I love ending long, hot days with light meals. It helps my body wind down for bed since my body isn't using a ton of energy to digest a heavy meal.

(Note: I am not a medical professional! I am simply speaking about what my body best responds to.) 

This soup is packed with savory veggies and it's easy to bulk up with filling toppings and garnishes. I used pumpkin seeds, chicken sausage and nutritional yeast. But sunflower kernels, almonds, cashews, grilled chicken, a few steak slices, plain greek yogurt or just some bread would work wonderfully! 

Now, let’s get into what you need to prepare this dish:

Kitchen equipment

A blender (I use a Ninja for big jobs my Nutribullet can’t handle — like soup — but if you have an immersion blender that would probably work better) 
A Baking sheet
Enough aluminum foil to cover the sheet


2 tsp of olive oil
1 can of corn
1 red bell pepper
2 tbsp minced garlic
4 cups of veggie broth
Seasonings (I used garlic powder, onion powder, Mrs. Dash, black pepper and red pepper flakes.)
12 oz of spinach 

Toppings / Additions

Whatever you want! 

  1. Preheat your oven to 425 degrees. While the oven is heating up, drain the liquid off the canned corn. Seed your bell pepper and cut it in half.

  2. Use 1 tsp of the olive oil on the corn and season it to your liking. Spread the corn on the foil-covered baking sheet. Use the remaining oil on the red bell pepper. Place the bell pepper cut side down onto the baking sheet.

  3. Let the veggies roast in the oven for 20 to 25 minutes. Remove them and let them cool off.

  4. Once the veggies have cooled, place them in a blender or in a pot if you’re using an immersion blender.

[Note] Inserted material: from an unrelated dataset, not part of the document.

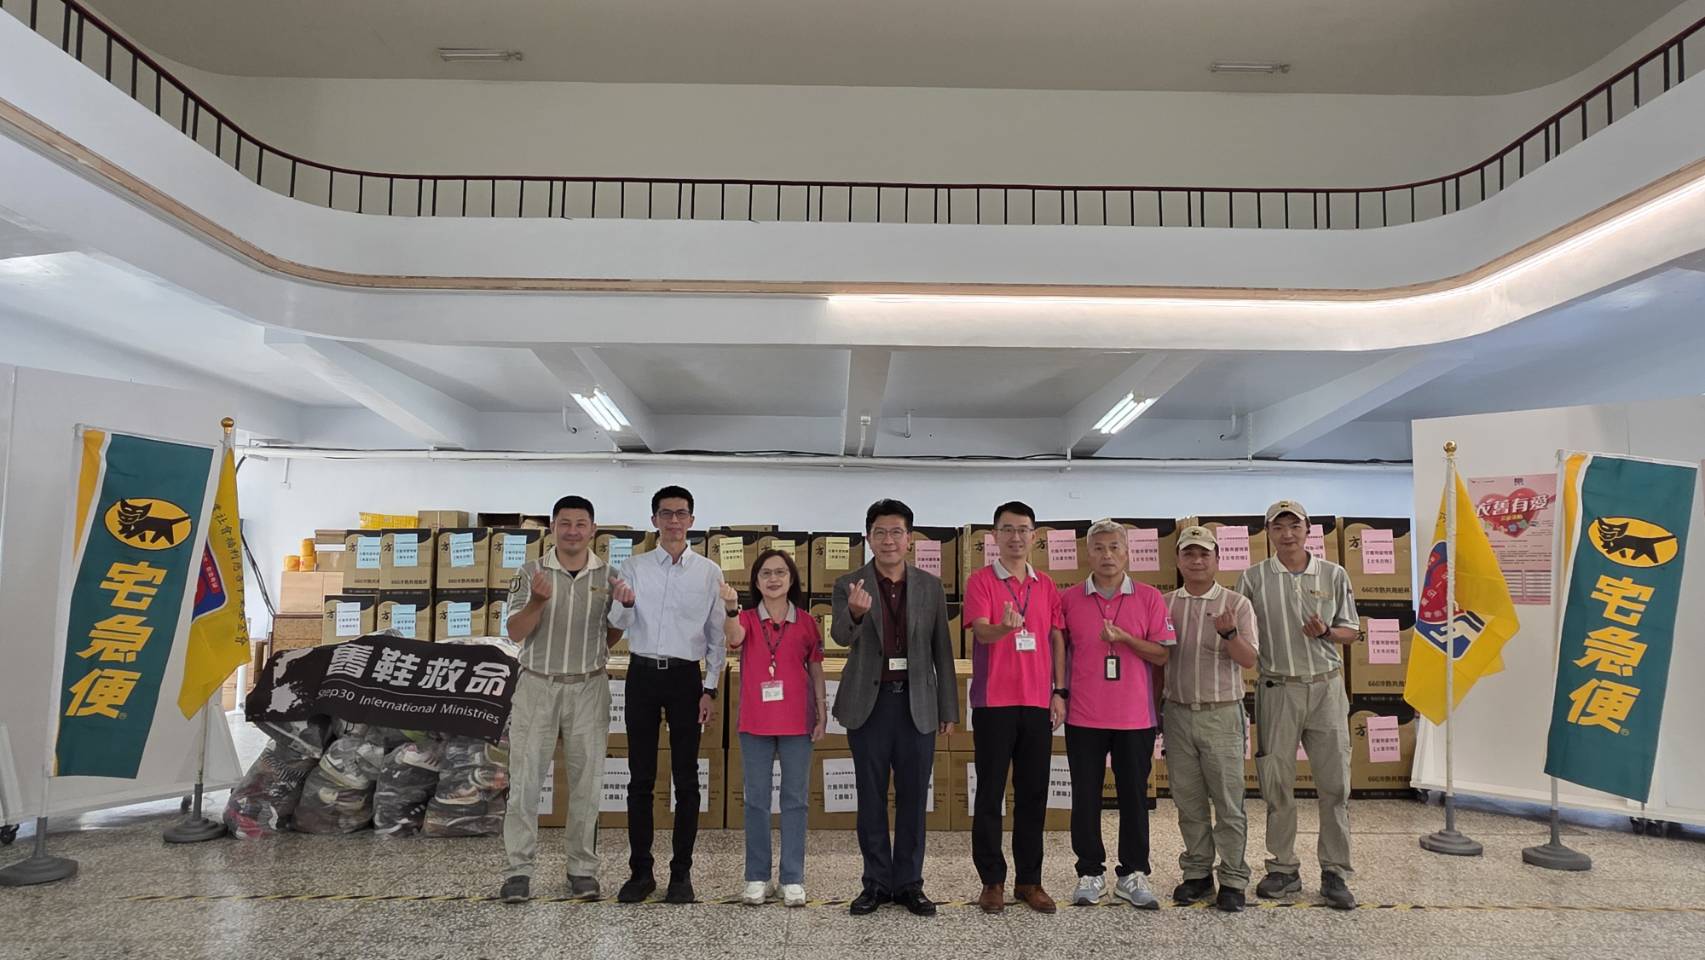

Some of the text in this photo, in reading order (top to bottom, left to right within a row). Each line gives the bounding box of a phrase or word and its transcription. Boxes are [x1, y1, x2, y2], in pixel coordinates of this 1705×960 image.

  5. Add the minced garlic, seasonings and veggie broth to the blender (or pot). Then blend until super smooth.

  6. Pour the soup into a pot — if you didn’t use the immersion blender — and turn the heat up to medium. Add your spinach.

  7. Lower the heat and let the soup simmer for about 5 to 10 minutes.

  8. To serve, pour the soup into a bowl and garnish with pumpkin seeds, chicken sausage, nutritional yeast or anything you’d like !

Nom af. 

Disclaimer: These statements have not been evaluated by the Food & Drug Administration or any government entity. If there are links present, they will redirect you to studies published in peer-reviewed medical journals or other credible sources of information.

Any products mentioned in this post are not intended to diagnose, treat, cure or prevent any disease or illness. Furthermore, I am not a medical professional and this post is not intended to provide medical advice. Please check with your doctor before adding anything new to your daily routine, diet or exercise regimen  — especially if you are taking prescription or over-the-counter medications, using recreational drugs, or are pregnant, breastfeeding or intend to become pregnant in the near future.